So if we're looking at the parents for X4, look at which of X1, 2, or 3 has the
highest conditional mutual information conditioned on the class. So it's the
highest mutual information with X4 conditioned on the class.
>>: So -- sorry. So [inaudible] X4 for X5 is because the [inaudible] information
[inaudible]?
>> Geoff Webb: So what I've illustrated here is KDB with k equals 2. So every
attribute can have -- has the class as a parent and at most two of the prior
attributes. So there's no prior attributes here. There's only one, so it has to have
this. There's only two, so it has to have both of them. Here there was a choice of
two of these three, and it took the two that had the highest mutual information
with X4 conditioned on Y. So that didn't include X1. And here we had a choice
of 2, and we've left out X4 and X2.
>>: Okay. So that's just on your first pass.
>> Geoff Webb: That's done in -- right. So the first pass collects the two-way
tables of the joint frequency of each attribute and each attribute value and each
class value to work out the mutual information with the class and then the
three-way joint frequencies of each pair of attribute values and each class value in
order to work out the conditional mutual information between each pair of
attributes conditioned on the class.
>>: Remind me how you deal with reels.
>> Geoff Webb: With reels. So with all of this we're doing discretization. So the
discretization we're going to use is equal frequency five bin.
>>: Okay.
>> Geoff Webb: Okay? So one pass learns structure, second pass learns
Conditional Probability Tables.
So this is quite a nice algorithm for many points of view. So it has training space.

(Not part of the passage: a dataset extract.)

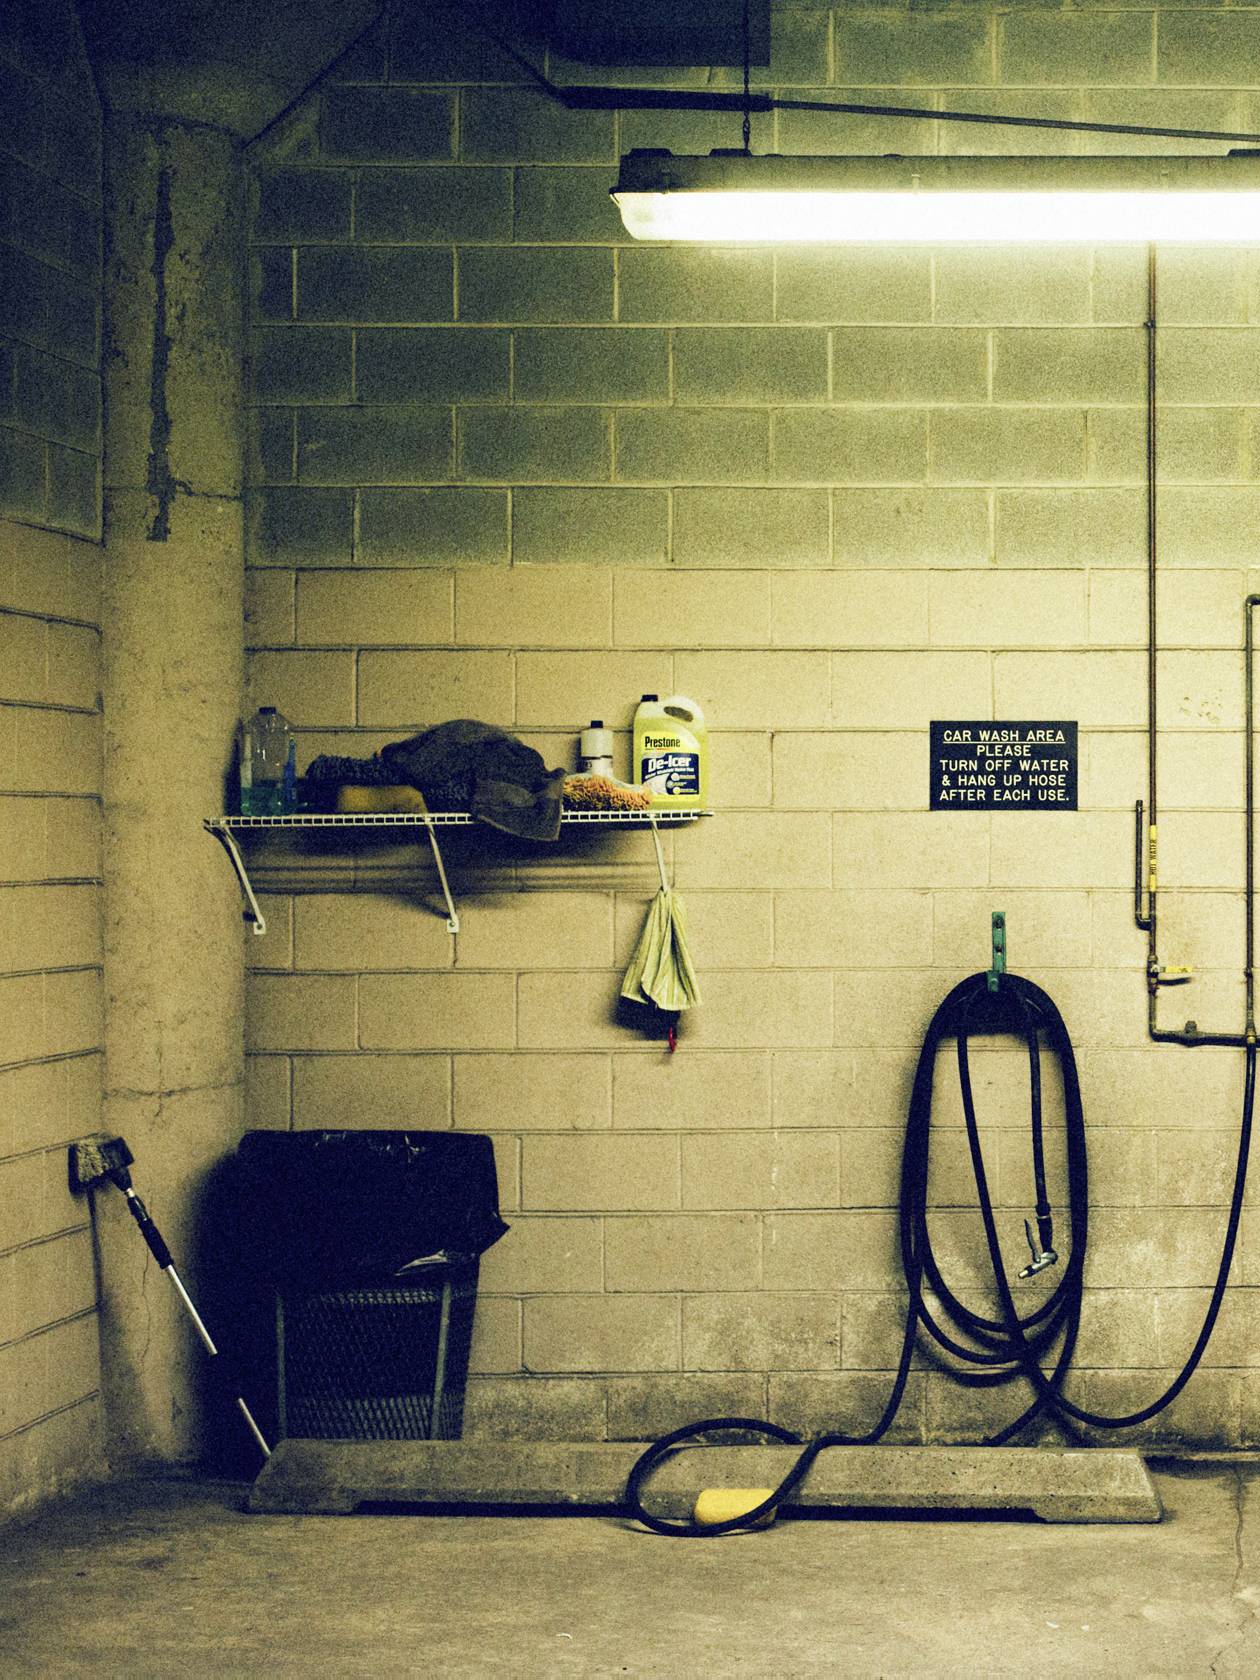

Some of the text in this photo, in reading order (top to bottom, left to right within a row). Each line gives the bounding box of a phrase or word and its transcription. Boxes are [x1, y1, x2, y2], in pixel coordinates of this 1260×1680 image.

So the first term there is the size of the joint tables for the conditional mutual
information, so each pair of attributes, each pair of As. So Y is the number of
classes, A the number of attributes, V is the average number of values per
attribute.
And then the second term is the complexity of going -- sorry. This is training
space, so the second one is the complexity of the count tables that you've learned
in the second pass. All right? So they have to go down for each attribute, do all
the combinations of values for it, the class, and all of the attributes that are its
parents.
Classification time you only need that second part. You abandon this part.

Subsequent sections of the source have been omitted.